_Instructions for the task:_
Output each line of the listing exactly, though pictures are not to appear.

*** Opening Records shown ***

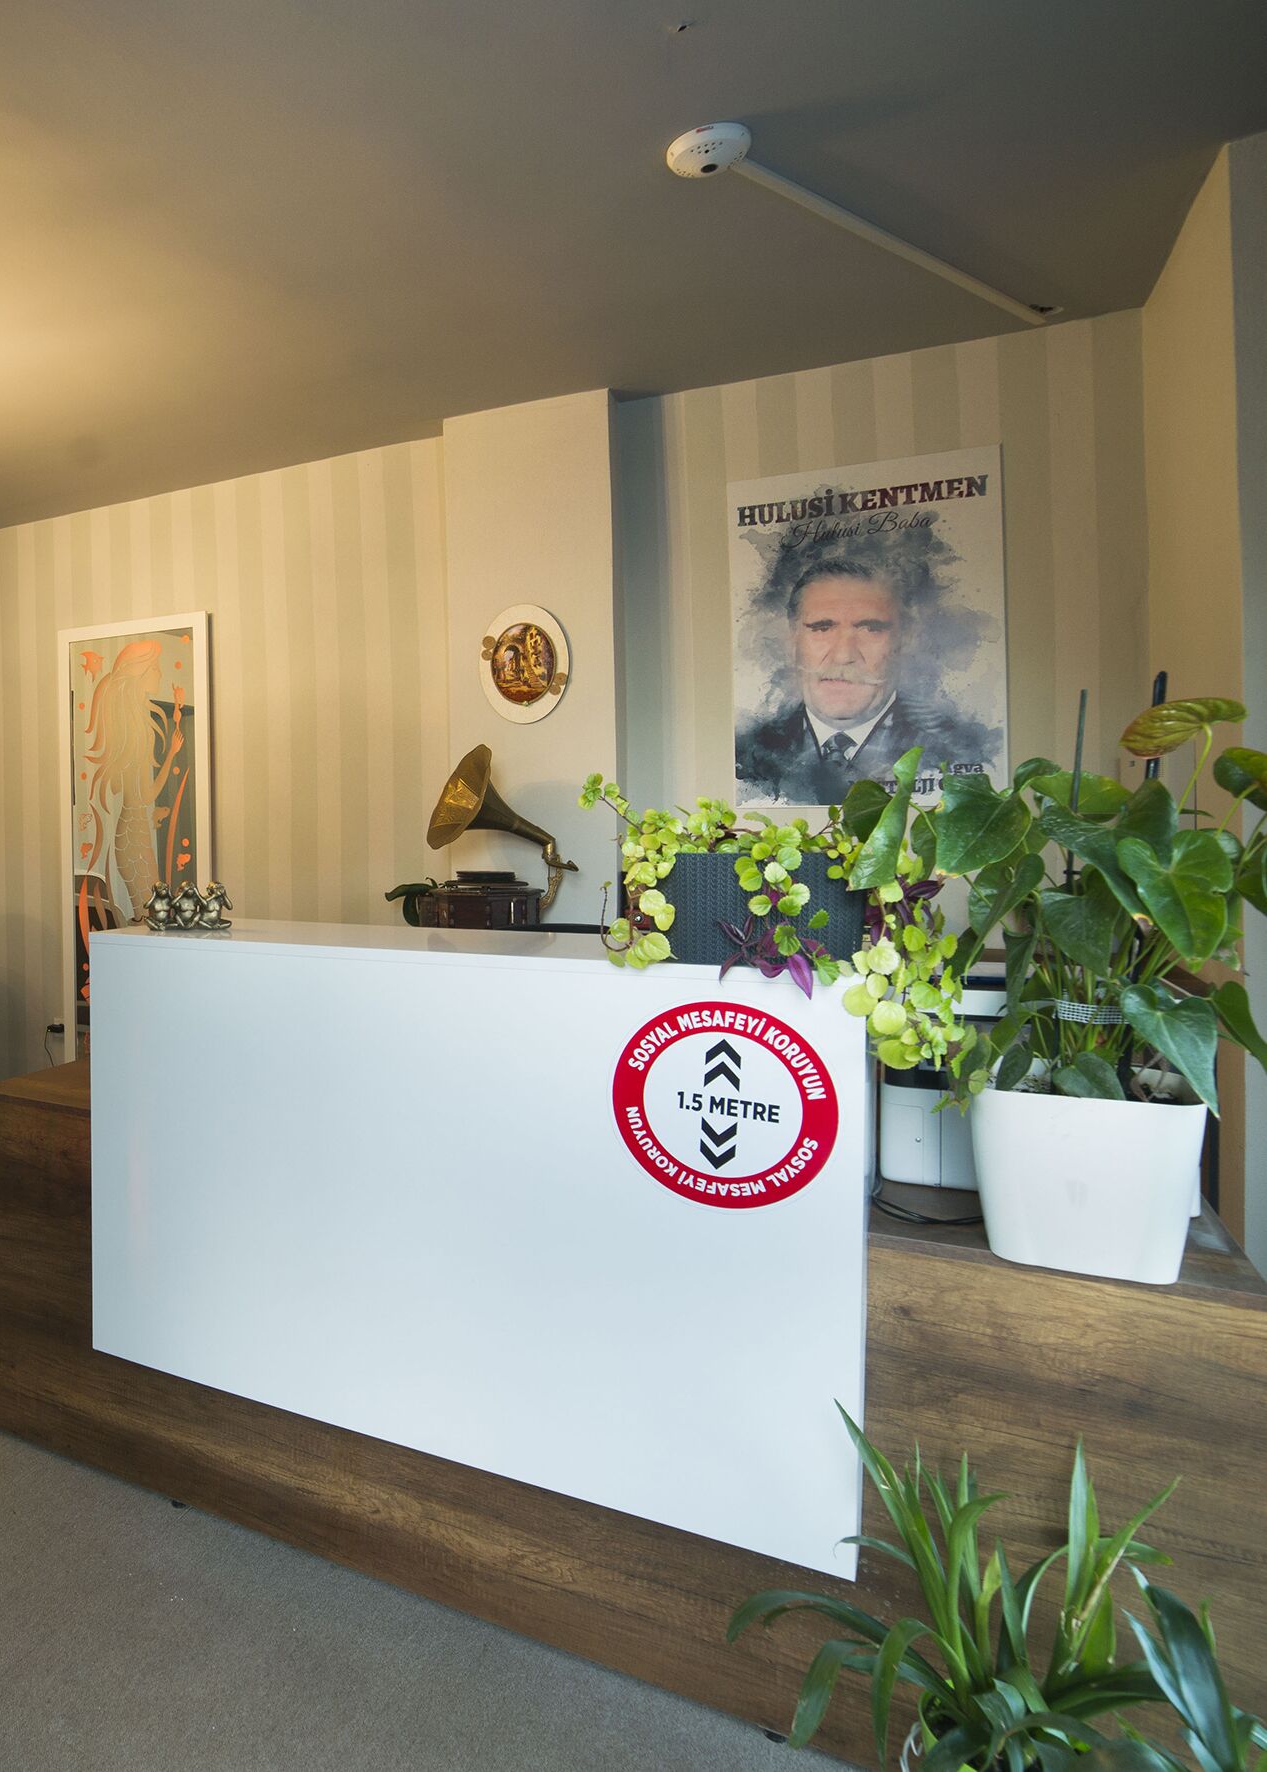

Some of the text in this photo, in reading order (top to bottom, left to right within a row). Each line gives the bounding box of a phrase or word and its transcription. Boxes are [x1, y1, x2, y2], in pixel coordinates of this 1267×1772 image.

[737, 474, 989, 528] HULUSİ KENTMEN
[780, 511, 933, 549] Hulusi Baba
[628, 1009, 827, 1101] SOSYAL MESAFEYİ KORUYUN
[677, 1091, 781, 1124] 1.5 METRE
[625, 1106, 819, 1197] SOSYAL MESAFEYİ KORUYUN

*** Closing Records shown ***

_Task solution:_
Some of the text in this photo, in reading order (top to bottom, left to right within a row). Each line gives the bounding box of a phrase or word and its transcription. Boxes are [x1, y1, x2, y2], in pixel coordinates of this 1267×1772 image.

[737, 474, 989, 528] HULUSİ KENTMEN
[780, 511, 933, 549] Hulusi Baba
[628, 1009, 827, 1101] SOSYAL MESAFEYİ KORUYUN
[677, 1091, 781, 1124] 1.5 METRE
[625, 1106, 819, 1197] SOSYAL MESAFEYİ KORUYUN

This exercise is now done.